Our population growth rate has declined gradually. The reasons range from: better rates of female and male literacy; the reduction in the child mortality rate (more surviving to supplement household earnings); improved economic conditions of households; the growing recognition or need for a second earning member of the family; women, for whom job opportunities in a host of professions have opened up, also contributing to a slight increase in the average age at which they are being married.

However, the pace of this transition has been at a slower rate than desirable for social and political stability and economic development.

There are several reasons for these outcomes. The results of our population planning programmes have at best been sketchy, partly because we have historically run these programmes through separate outlets instead of through basic health centres that provide the entire, composite range of health services. Moreover, these centres have tended to be poorly located physically and generally at relatively long distances from the health facilities providing preventive and other medical care.

But the principal impediments to population planning have been the cultural and religious resistance to checking childbirth.
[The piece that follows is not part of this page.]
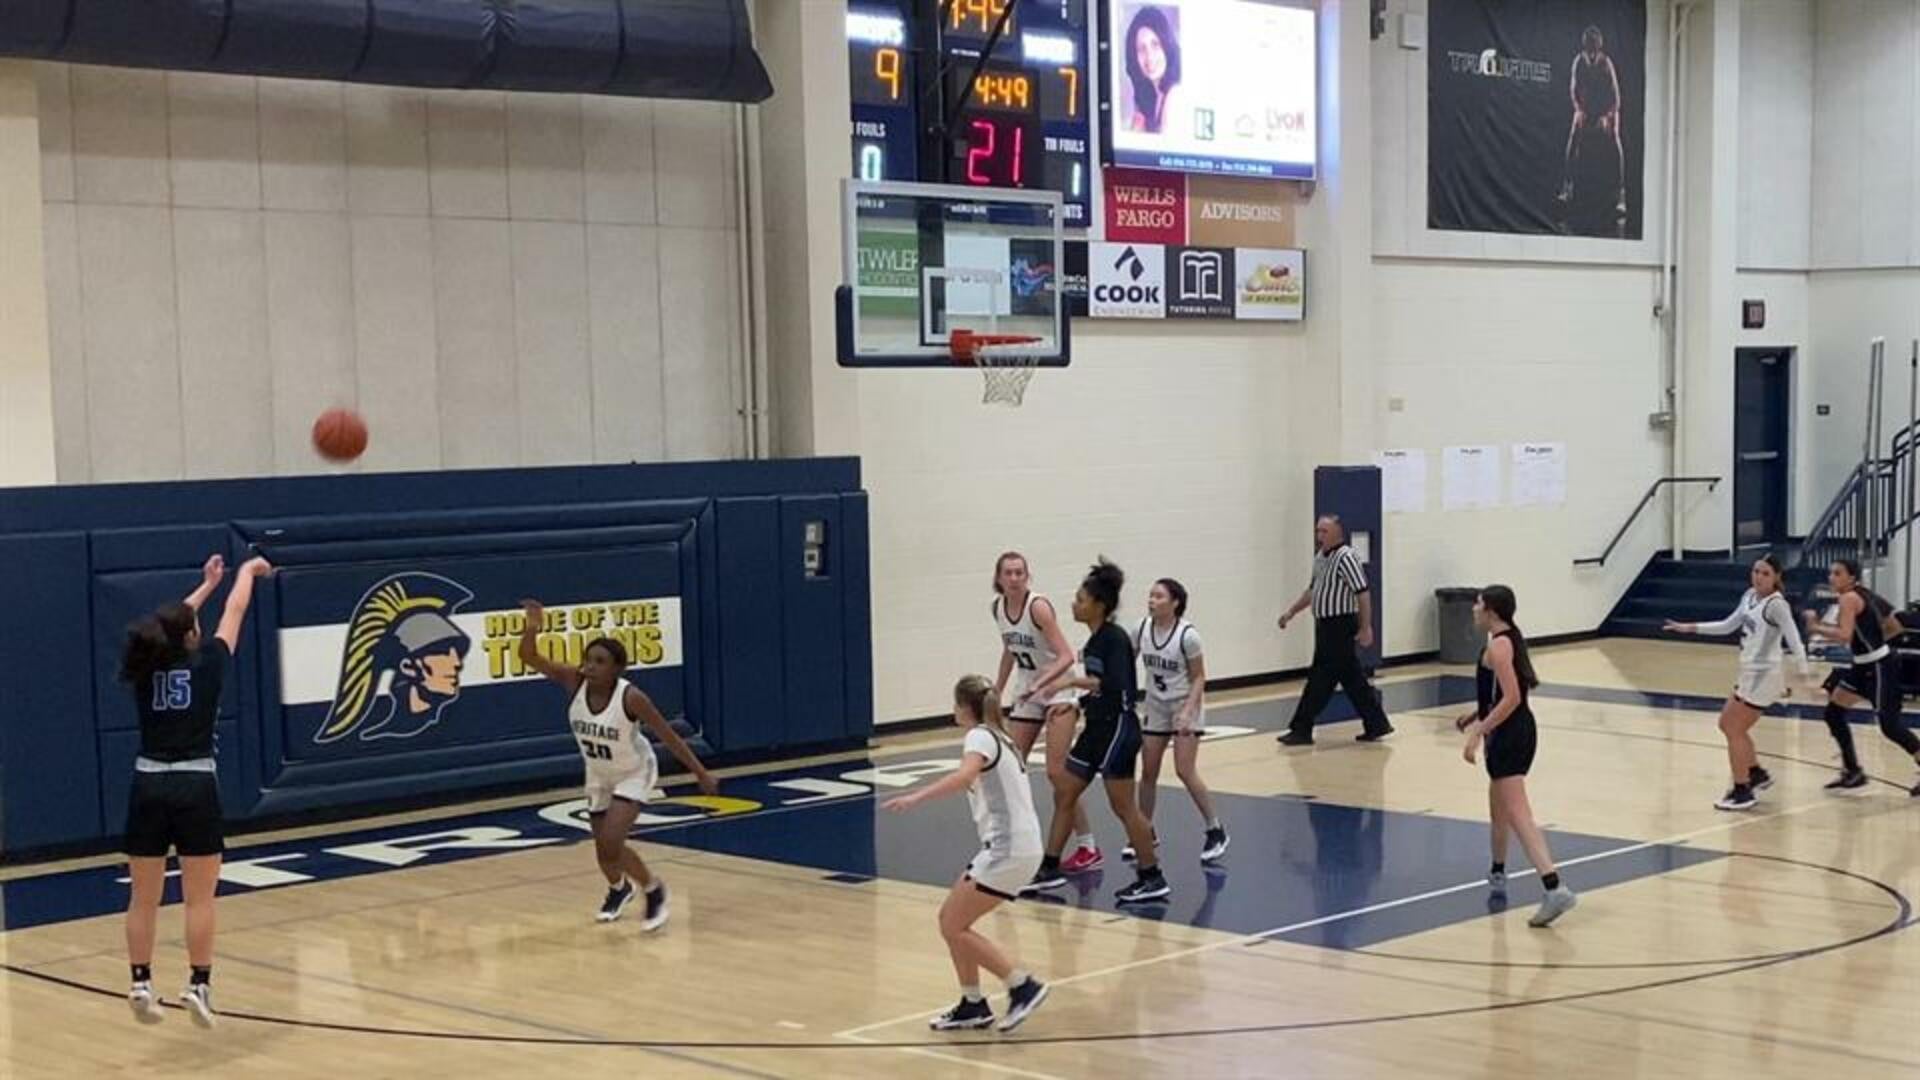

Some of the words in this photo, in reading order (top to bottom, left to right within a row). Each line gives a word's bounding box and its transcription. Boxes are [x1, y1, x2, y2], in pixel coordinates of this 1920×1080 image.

These include: early marriages of females; poor spacing of births in the interest of better health of both the mother and the child to be born; women-based model of population planning, largely ignoring the male — the key decision-maker on matters of number of children; the belief that children are a gift of Allah (Who, it is believed, will then create the conditions for the needs of the child to be met, becoming His responsibility having brought the child to the world); and that any form of birth control defies the tenets of Islam.

We can learn from another Muslim country, Bangladesh, which has managed to address these beliefs (successfully employing the mullah as a partner in this effort) and succeeded in lowering its population growth rate substantially (down to 1.6pc) in a relatively short period.

The writer is a former governor of the State Bank of Pakistan.